2. The method of claim 1, wherein the first triggering state is one of a rising edge triggering state and a falling edge triggering state.

3. The method of claim 1, wherein the second triggering state is one of a rising edge triggering state and a falling edge triggering state.

4. The method of claim 1, wherein four or eight said phase shift signals are generated.

5. The method of claim 1, further comprising replacing frequency Fb of the reference signal with a default value.

6. The method of claim 1, wherein the fixed phase equals 360°/(M−1).

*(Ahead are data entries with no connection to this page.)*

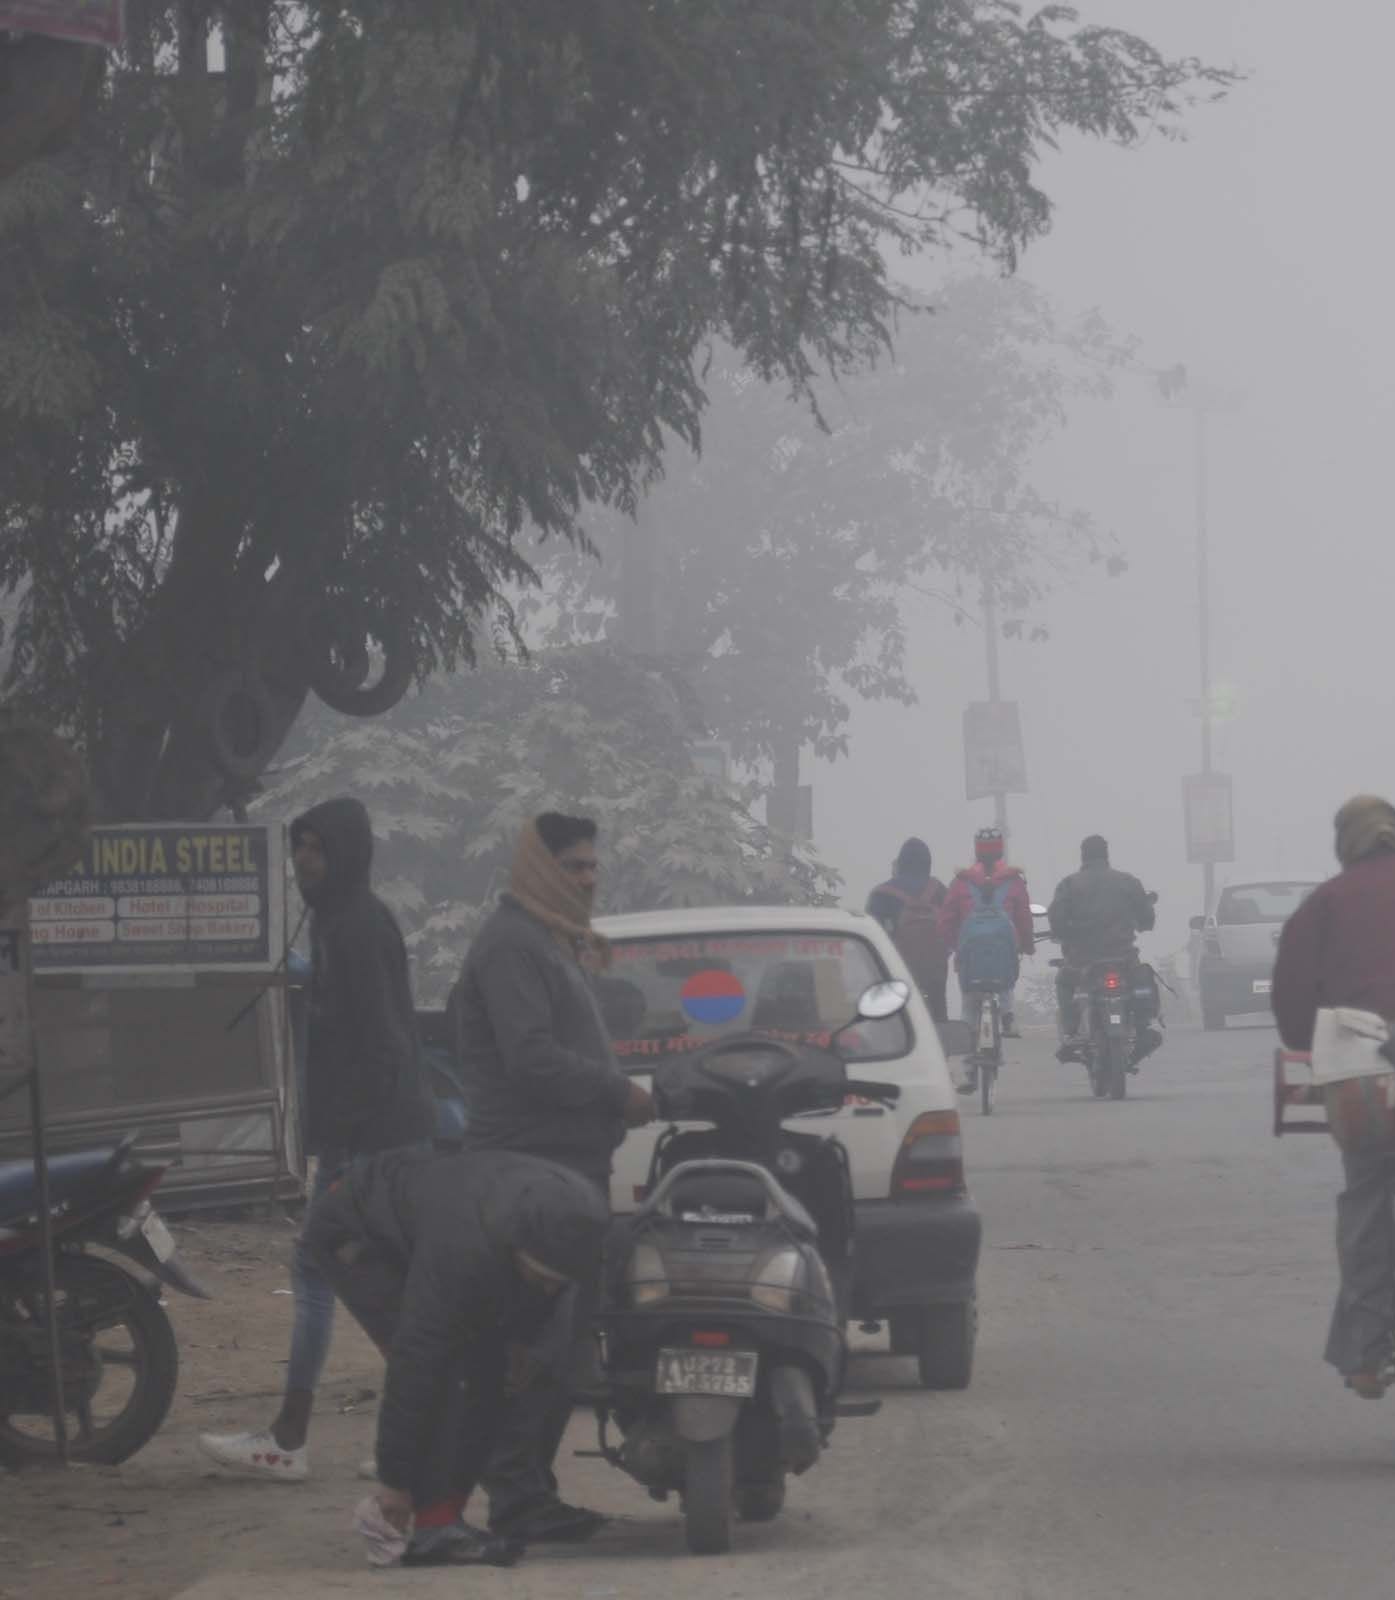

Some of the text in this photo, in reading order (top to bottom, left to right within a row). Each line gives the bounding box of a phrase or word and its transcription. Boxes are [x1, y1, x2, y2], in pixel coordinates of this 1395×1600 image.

[92, 837, 168, 875] INDIA
[176, 835, 258, 873] STEEL
[53, 901, 106, 915] Kitchen
[129, 898, 169, 914] Hotel
[55, 923, 99, 939] Home

7. A system for measuring distance, comprising:

an optical signal generating unit for emitting an optical signal, receiving the optical signal reflected from an object, and generating an emitting signal and a receiving signal based on emission and reception of the optical signal, respectively;

a signal input end for receiving the emitting signal and the receiving signal;

a distance measurement apparatus connected to the signal input end for receiving the emitting signal and the receiving signal, generating a reference signal of a frequency Fb, generating M phase shift signals based on the reference signal, characterized by a same frequency, and spaced apart from each other by a fixed phase, generating a clock mask starting from the emitting signal and ending at the receiving signal, counting a number Nd1 of second triggering states occurring to the phase shift signals during a time period from a point in time of commencement of the clock mask to occurrence of a first triggering state to the reference signal, counting a number Nb of cycles of the reference signal during the time period of the clock mask based on the first triggering state, counting a number Nd2 of second triggering states occurring to the phase shift signals during a time period from a point in time of termination of the clock mask to occurrence of a first triggering state to the reference signal, and outputting values Fb, M, Nb, Nd1, and Nd2; and

a computing device connected to the distance measurement apparatus for receiving the values, performing computation with the equation below to obtain a time t taken by the optical signal to travel to the object and return from the object, and performing computation of distance of the object based on the time t and a light speed c,

t=(Nb/Fb)+[Nd1/(Fb/M)]−[Nd2/(Fb/M)],

wherein M≧2.

8. The system of claim 7, wherein the distance measurement apparatus comprises:

a fundamental frequency generating unit for generating a fundamental frequency signal;

a frequency multiplying unit connected to the fundamental frequency generating unit for turning the fundamental frequency signal into the reference signal by frequency multiplication; and

a programmable gate array connected to the signal input end for receiving the emitting signal and the receiving signal, connected to the frequency multiplying unit for receiving the reference signal, and adapted to generate the values M, Nb, Nd1, and Nd2 and output the values Fb, M, Nb, Nd1, and Nd2.

9. The system of claim 8, wherein the computing device replaces the value Fb with a default value.

10. The system of claim 7, wherein the computing device is one of a control unit and a computer device.

11. The system of claim 7, wherein the first triggering state is one of a rising edge triggering state and a falling edge triggering state, and the second triggering state is one of a rising edge triggering state and a falling edge triggering state.